La l. 19 del 1990 ha fatto proprio il principio di colpevolezza nell’ambito delle circostanze prevedendo che le circostanze che aggravano la pena siano valutate a carico dell’agente solo se da lui conosciute ovvero ignorate per colpa o ritenute inesistenti per errore determinato la colpa; invece, le circostanze attenuanti, in applicazione del principio del favor rei, sono valutate a favore dell’agente anche se da lui non conosciute o non conoscibili, in quanto comportano un trattamento sanzionatorio di favore.

La delineazione di tali aspetti fondamentali della disciplina delle circostanze, permettere di affrontare con la dovuta analiticità la problematica specifica dell’estensibilità dell’aggravante della latitanza nel concorso di persone del reato.

Sulle circostanze nel concorso di persone si deve richiamare l’art. 118 c.p., il quale dispone che le circostanze che aggravano o diminuiscono le pene concernenti i motivi a delinquere, l’intensità del dolo, il grado della colpa e le circostanze inerenti la personalità del colpevole sono valutate soltanto riguardo alla persona cui si riferiscono.

Proprio su tale ultima espressione, ci si interroga su quali siano le circostanze inerenti la personalità del colpevole e, all’uopo, non può non farsi richiamo ad altra disposizione contenuta nel codice penale, precisamente all’art. 70, ove, nel distinguere tra circostanze oggettive e soggettive, si specifica che tra le soggettive rientrino quelle inerenti la personalità del colpevole e nell’ultimo comma dell’articolo de quo si definiscono tali quelle inerenti l’imputabilità e la recidiva.

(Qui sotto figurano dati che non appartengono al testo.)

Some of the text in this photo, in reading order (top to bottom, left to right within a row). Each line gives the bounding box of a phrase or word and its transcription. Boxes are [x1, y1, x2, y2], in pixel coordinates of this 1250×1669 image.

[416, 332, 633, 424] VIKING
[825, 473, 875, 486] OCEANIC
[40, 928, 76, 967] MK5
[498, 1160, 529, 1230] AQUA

Gli interpreti si sono chiesti se la definizione di cui all’ultimo comma dell’art. 70 c.p. possa essere ritenuta valida anche per il disposto dell’art. 118 c.p., in materia di concorso di persone. In un primo momento, si riteneva che la definizione di circostanze inerenti la persona del colpevole fosse quella di cui all’ultimo comma dell’art. 70 c.p.

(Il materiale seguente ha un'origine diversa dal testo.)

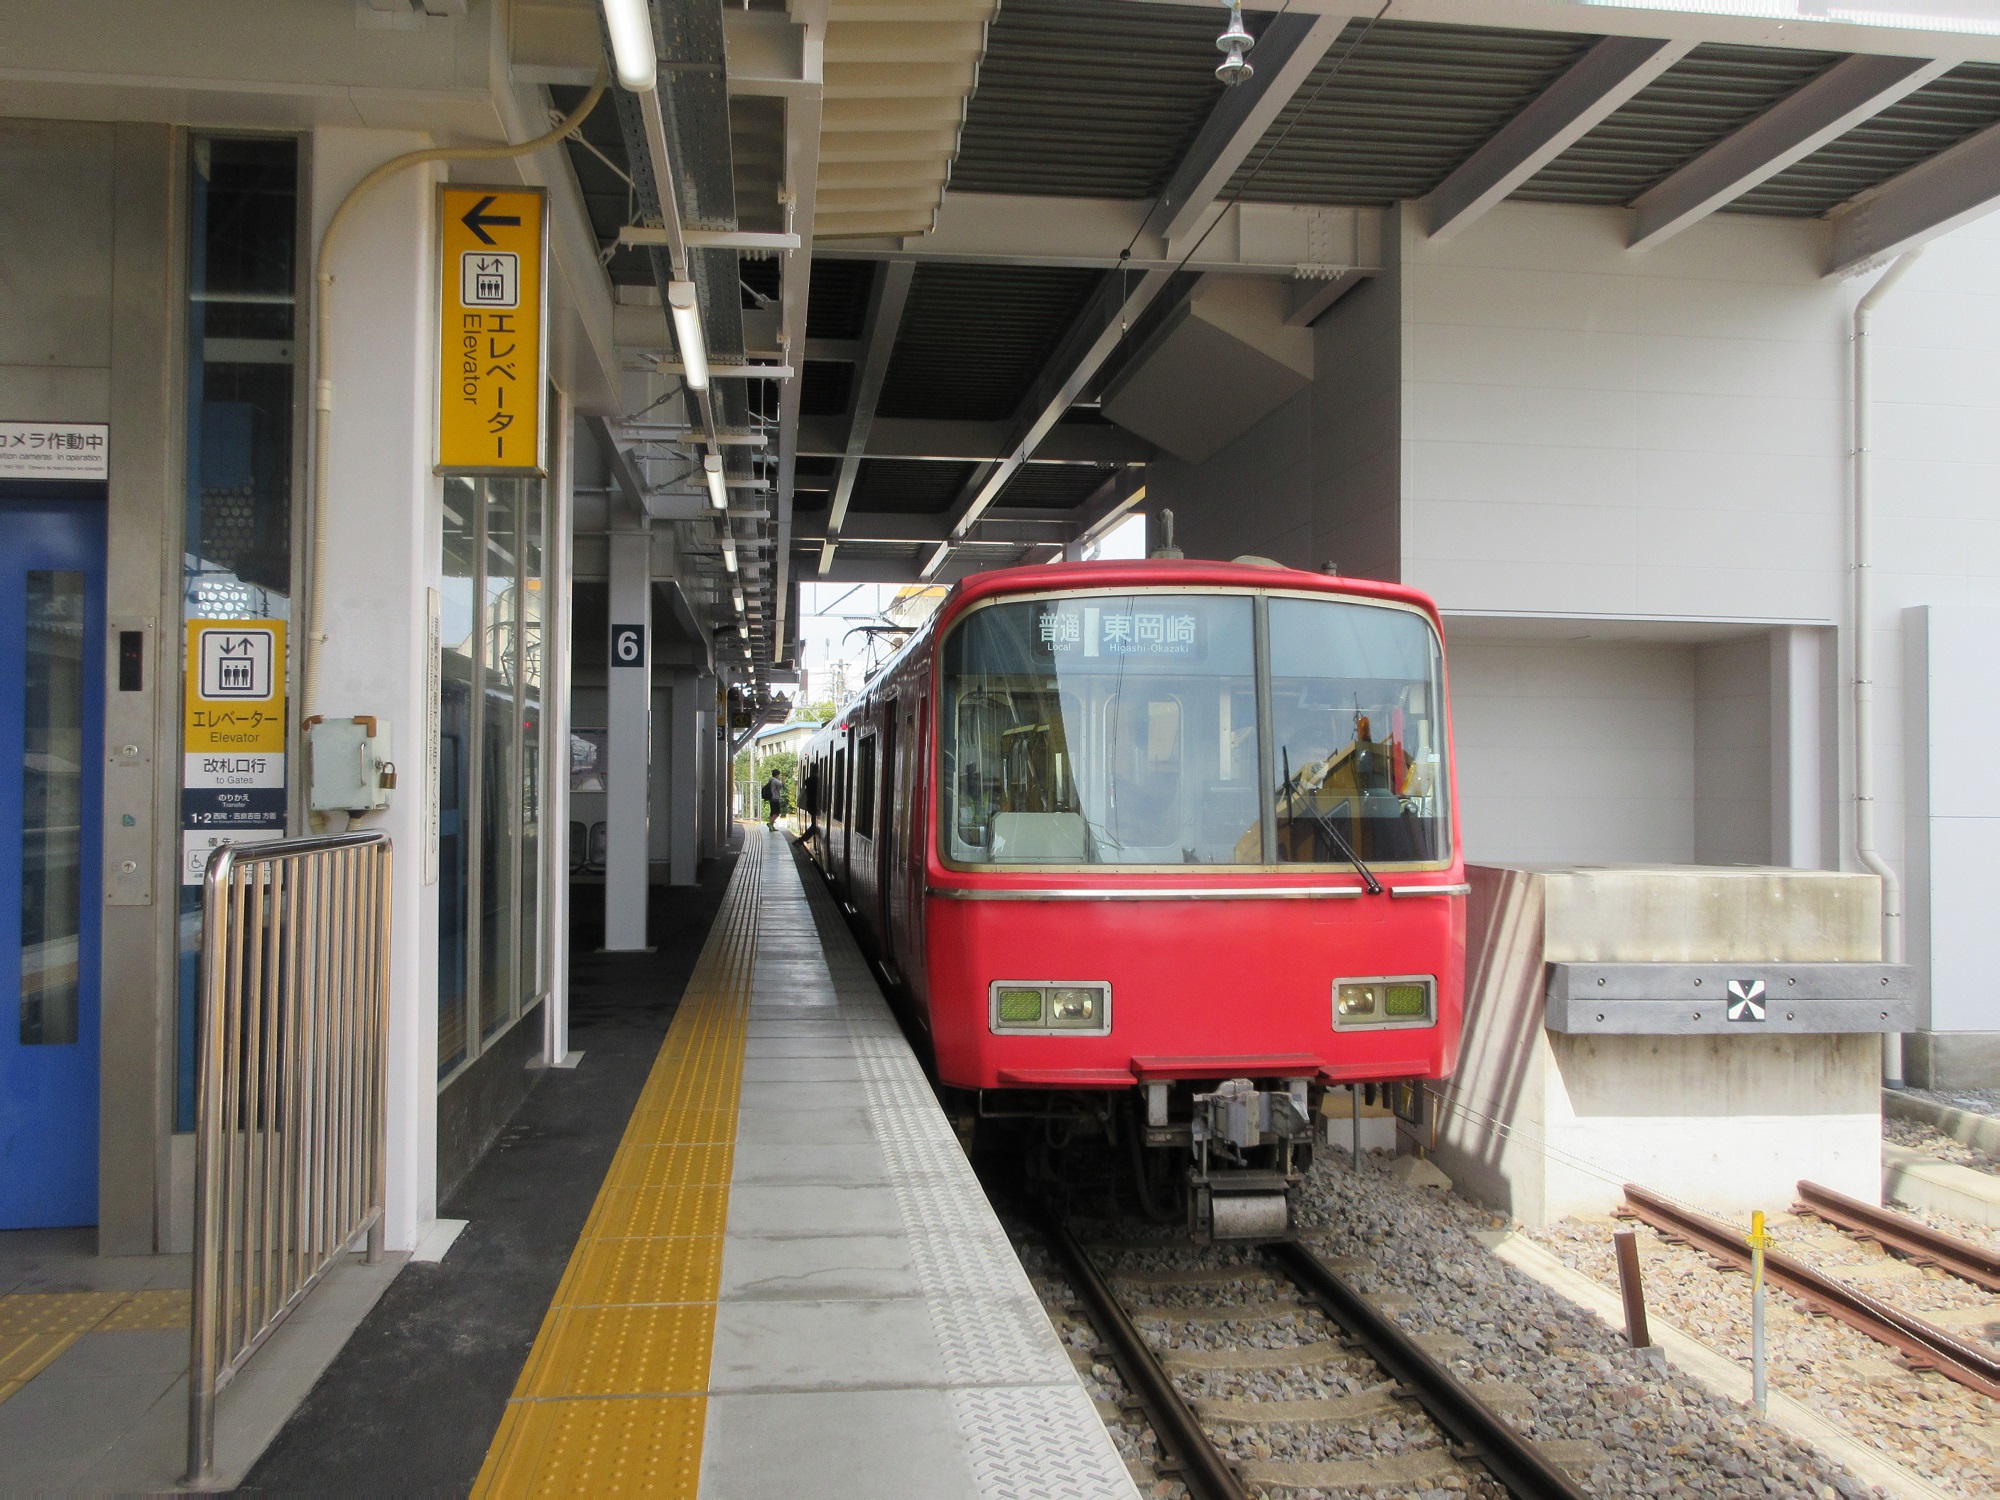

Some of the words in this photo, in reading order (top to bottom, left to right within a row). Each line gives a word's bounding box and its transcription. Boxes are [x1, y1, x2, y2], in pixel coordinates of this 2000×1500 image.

[463, 314, 482, 405] Elevator
[486, 314, 516, 458] エレベーター
[1039, 613, 1080, 642] 普通
[1102, 613, 1196, 644] 東岡崎
[617, 631, 639, 661] 6
[1047, 642, 1071, 651] Local
[1109, 643, 1189, 654] Higashi-Okazaki
[193, 711, 278, 728] エレベーター
[210, 731, 260, 743] Elevator
[203, 758, 267, 773] 改札口行
[216, 776, 225, 784] to
[227, 776, 254, 784] Gates
[218, 793, 250, 802] のりかえ

Bisogna, però, anche dare conto del fatto che il testo dell’art. 118 ha subito una modificazione per effetto della l. 19 del 1990; nella precedente formulazione del medesimo si distingueva tra: – circostanze oggettive, che sono valutate sempre a carico o a favore di ciascun concorrente; – circostanze soggettive (qualificate dagli interpreti come soggettive oggettivizzate) che, non sono inerenti la persona del colpevole, ma hanno servito ad agevolare l’esecuzione del reato, che sono valutate anche a carico degli altri concorrenti; – infine, le altre circostanze, individuate in via residuale, valutabili solo a carico della persona a cui si riferiscono. Da tale precedente formulazione, si può osservare che le circostanze soggettive suscettibili di comunicabilità agli altri concorrenti del reato erano quelle non inerenti la persona del colpevole, ma idonee ad agevolare la commissione del fatto di reato; invece, le altre eventuali circostanze soggettive erano considerate unicamente a carico della persona cui riguardavano.

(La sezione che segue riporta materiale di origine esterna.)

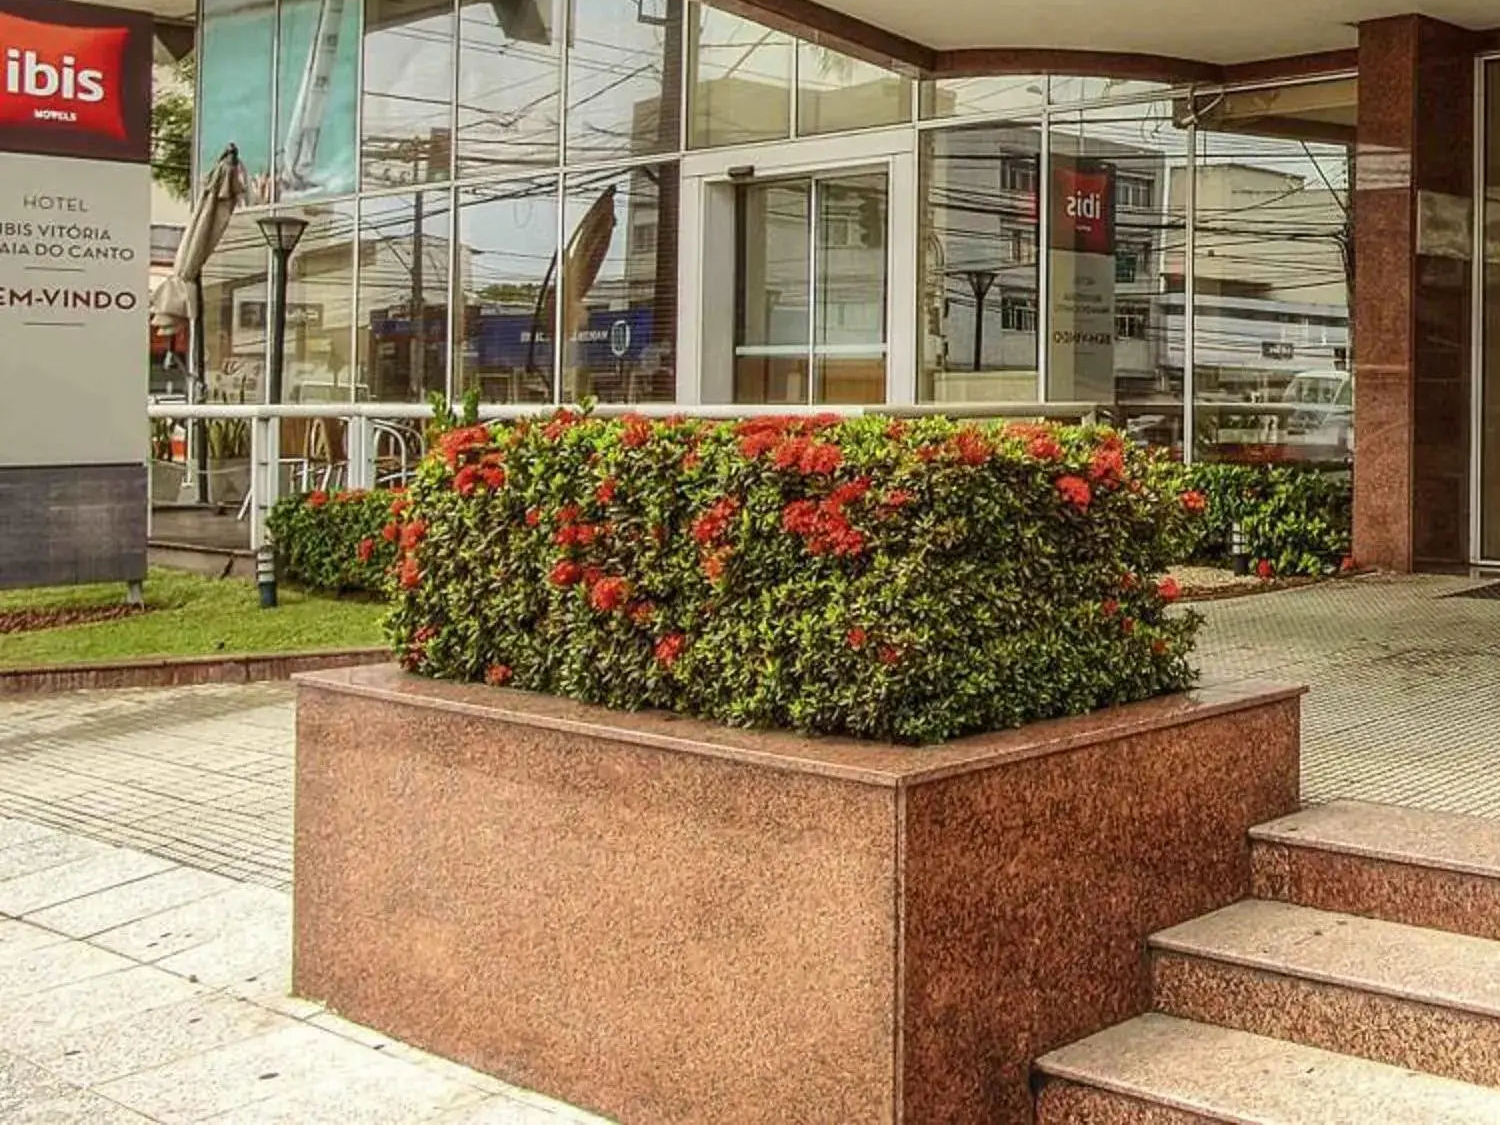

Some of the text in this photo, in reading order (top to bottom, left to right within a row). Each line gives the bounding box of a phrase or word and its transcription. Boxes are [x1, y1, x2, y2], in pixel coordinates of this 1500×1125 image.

[7, 48, 104, 102] ibis
[23, 195, 88, 212] HOTEL
[38, 224, 111, 240] VITÓRIA
[35, 243, 64, 257] DO
[68, 245, 134, 261] CANTO

Ergo, la comunicabilità delle circostanze inerenti la persona del colpevole era esclusa e, considerata l’equivalenza dell’espressione utilizzata dal legislatore, gli interpreti hanno ritenuto che tali fossero solo le circostanze che riguardano l’imputabilità e la recidiva, come indicato dall’art. 70 c.p., ultimo comma; di conseguenza, l’aggravante della latitanza (di cui al n. 6 dell’art. 61 c.p.), non rientrando in tale novero, doveva includersi tra le circostanze soggettive comunicabili anche agli altri concorrenti, alla stregua di una circostanza soggettiva oggettivizzata.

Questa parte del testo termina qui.